Hi everyone,

I’m looking for an API to which I can send any document and it returns the extracted content. The formats I need to support include:

  • Text and Markdown Files: .TXT, .MD
  • Text Documents: .DOC, .DOCX, .ODT, .OTT, .RTF
  • Presentations: .PPTX, .POTX, .ODP, .OTP
  • Spreadsheets: .XLS, .XLSX, .XLSB, .XLSM, .XLTX, .CSV, .ODS, .OTS
  • HTML and XML Files: .HTML, .HTM, .ATOM, .RSS, .XML
  • PDF: .PDF
  • Diagrams and Graphics: .ODG, .OTG

Does anyone have a recommendation for such an API that can handle these formats and return the extracted content?

Thanks in advance!

Hi!

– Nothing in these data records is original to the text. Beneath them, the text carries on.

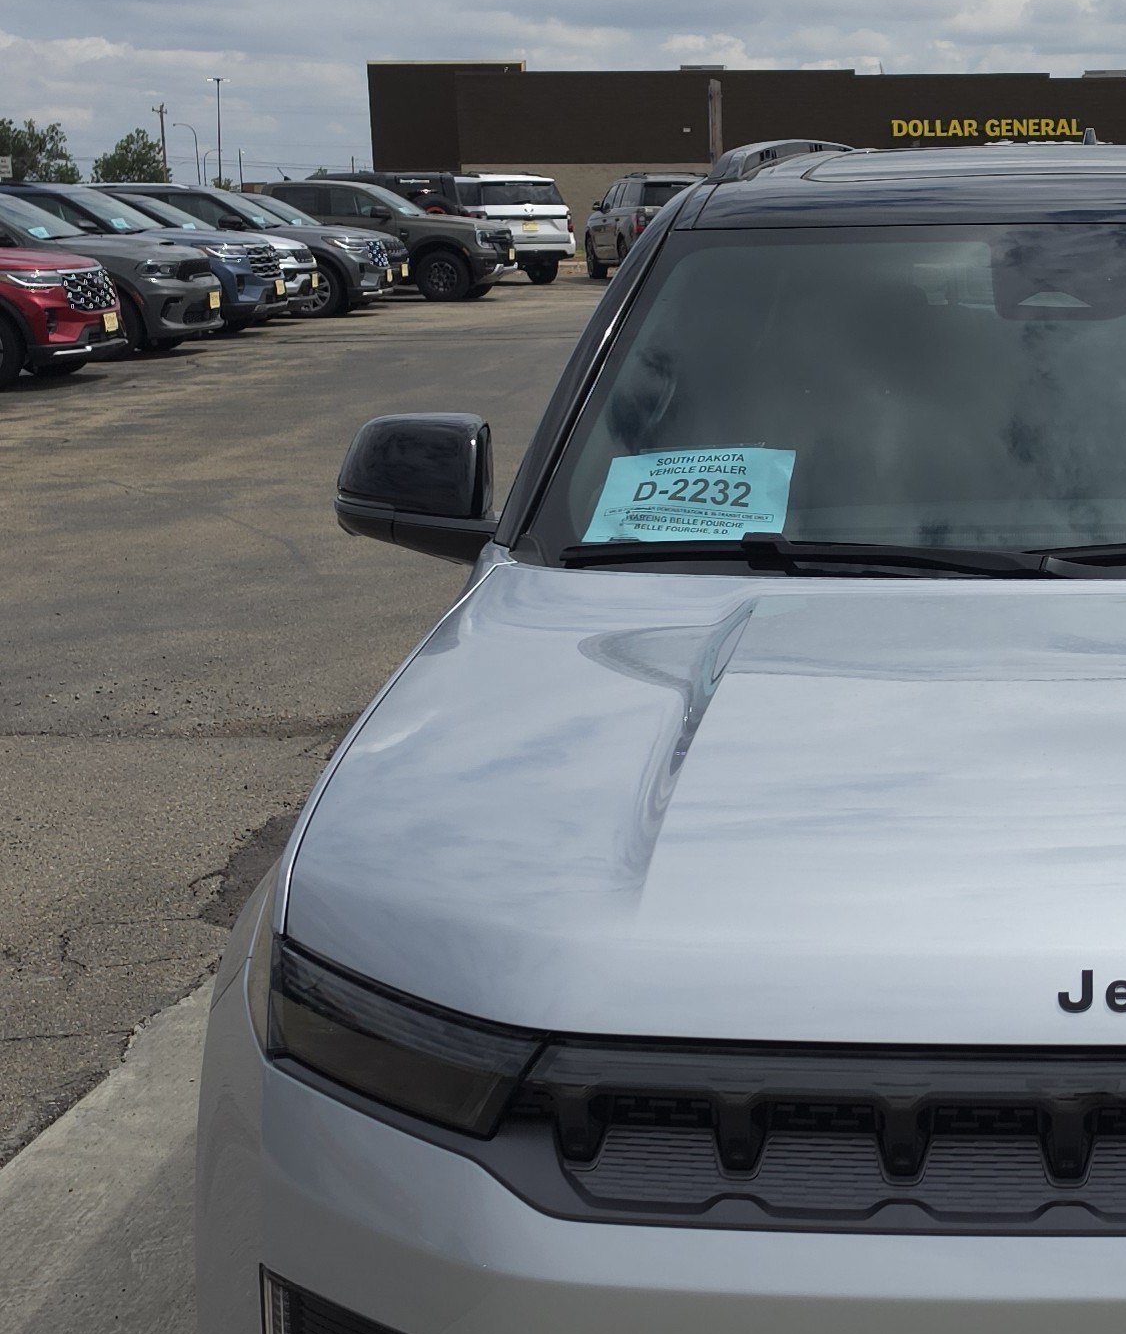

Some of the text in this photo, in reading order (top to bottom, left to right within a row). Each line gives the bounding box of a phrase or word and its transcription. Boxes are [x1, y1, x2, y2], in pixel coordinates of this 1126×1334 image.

[891, 118, 1083, 137] DOLLAR GENERAL
[656, 453, 745, 467] SOUTH DAKOTA
[649, 465, 747, 477] VEHICLE DEALER
[633, 478, 751, 507] D-2232
[634, 523, 663, 531] BELLE
[669, 517, 698, 526] BELLE
[700, 519, 745, 528] FOURCHE
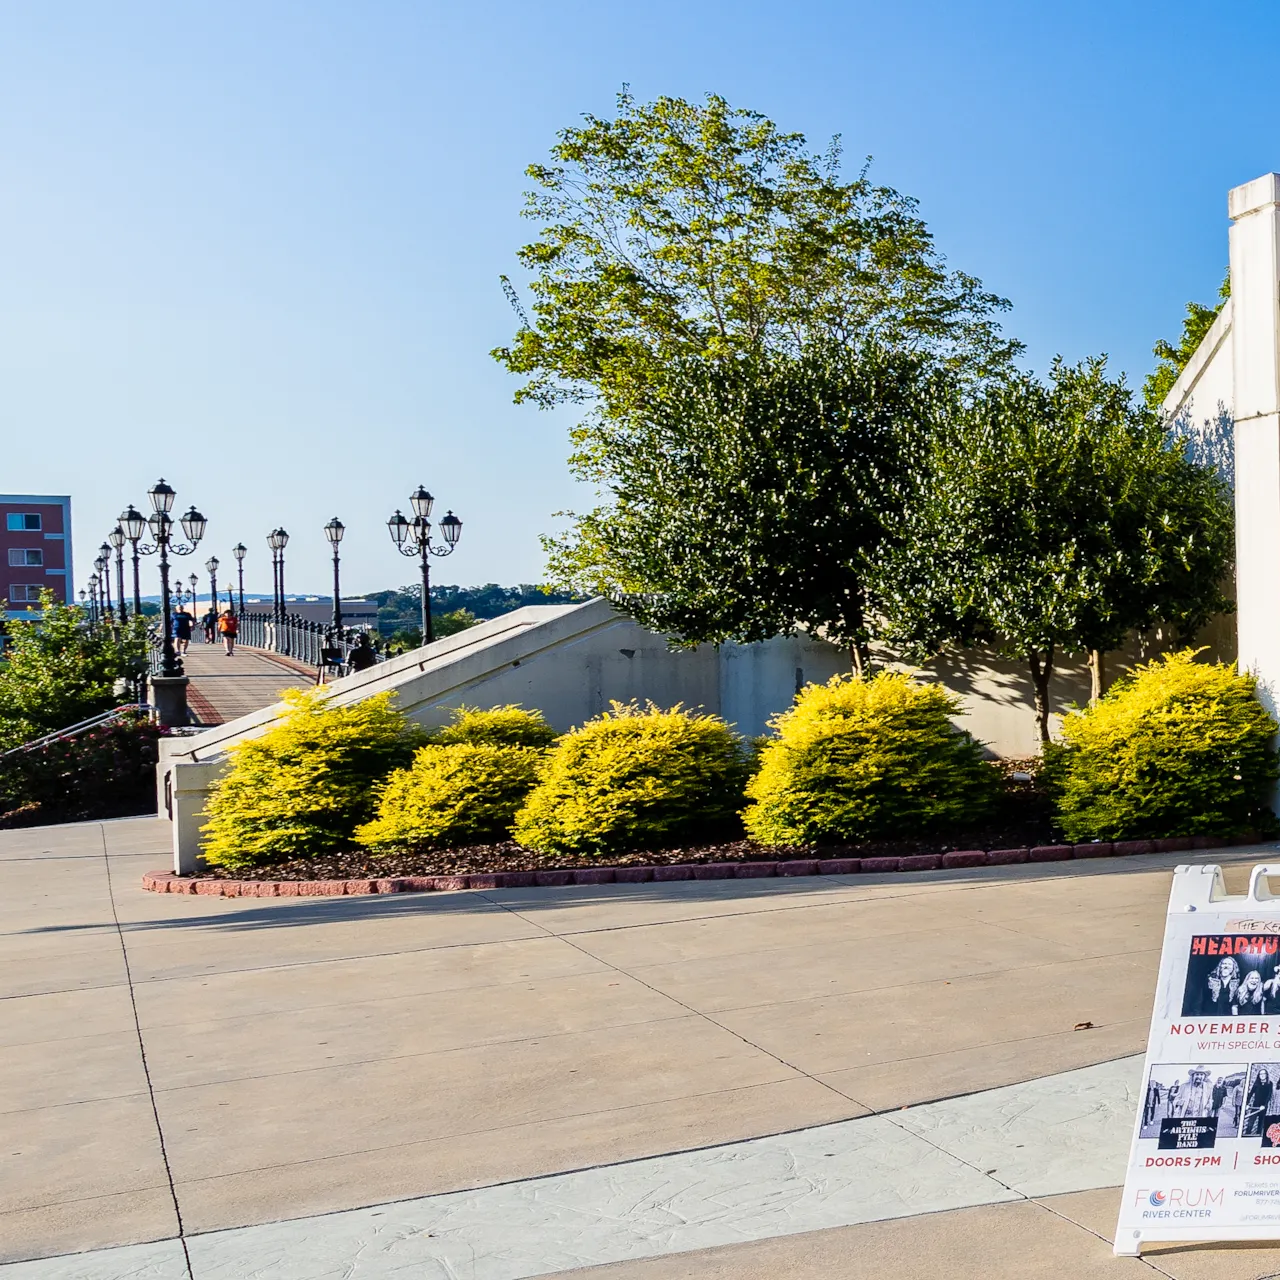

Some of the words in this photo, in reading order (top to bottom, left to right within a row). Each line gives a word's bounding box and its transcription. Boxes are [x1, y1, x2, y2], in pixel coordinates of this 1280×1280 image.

[1234, 919, 1260, 931] THE
[1170, 1023, 1269, 1035] NOVEMBER
[1197, 1041, 1225, 1050] WITH
[1228, 1040, 1270, 1049] SPECIAL
[1170, 1126, 1207, 1134] ARTIMUS
[1177, 1133, 1197, 1141] PYLE
[1176, 1140, 1198, 1148] BAND
[1145, 1157, 1191, 1167] DOORS
[1194, 1156, 1221, 1168] 7PM
[1245, 1181, 1268, 1189] Tickets
[1134, 1188, 1224, 1207] FORUM
[1142, 1210, 1170, 1219] RIVER
[1173, 1209, 1211, 1218] CENTER
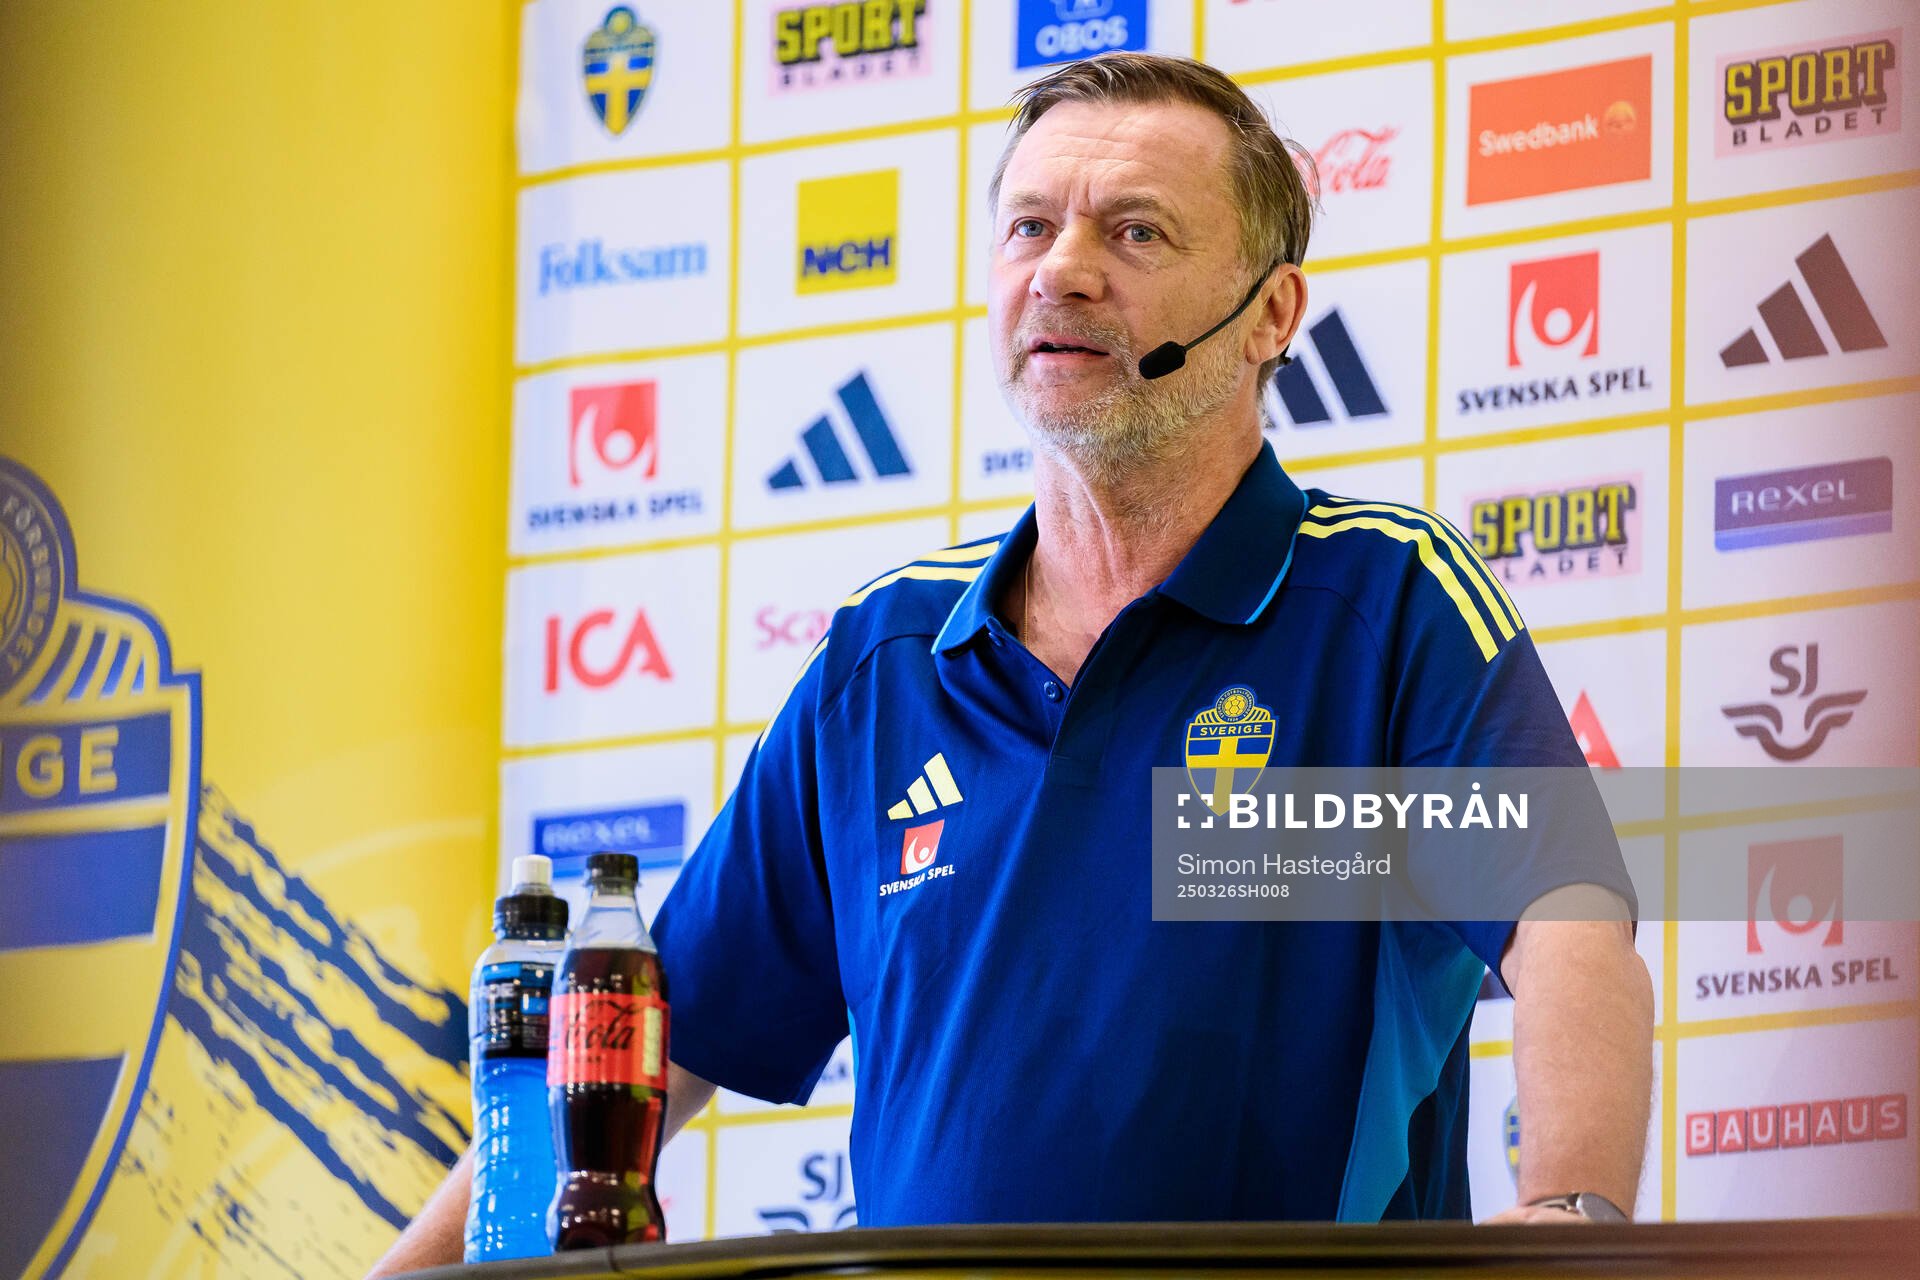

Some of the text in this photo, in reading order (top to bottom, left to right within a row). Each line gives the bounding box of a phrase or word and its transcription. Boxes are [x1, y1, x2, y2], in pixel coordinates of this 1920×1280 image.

[776, 0, 926, 65] SPORT
[1035, 15, 1128, 57] OBOS
[1723, 40, 1896, 124] SPORT
[1479, 113, 1599, 157] Swedbank
[1732, 108, 1887, 147] BLADET
[538, 241, 707, 297] Folksam
[801, 237, 893, 278] NCH
[1458, 368, 1653, 412] SVENSKA SPEL
[1471, 483, 1636, 561] SPORT
[1503, 552, 1629, 581] LADET
[545, 606, 672, 694] ICA
[1769, 643, 1820, 696] SJ
[1200, 724, 1262, 736] SVERIGE
[880, 864, 956, 896] SVENSKA SPEL
[1696, 957, 1899, 1000] SVENSKA SPEL
[1690, 1101, 1902, 1150] BAUHAUS

You can use OpenAI’s Assistants API to do this

1 Like

Can you ellaborate?

  1. Upload your files to the vector store
  2. Create an assistant with the prompt to give you the extracted content from the document
  3. Create a thread and pass the message to it
  4. Create a run and pass the assistant ID to it

You should get the result

1 Like

Very interesting, thanks!
I should be able to test this in open-ai’s playground to see if this works, right?

Yes :slight_smile:

1 Like

This topic was automatically closed after 70 days. New replies are no longer allowed.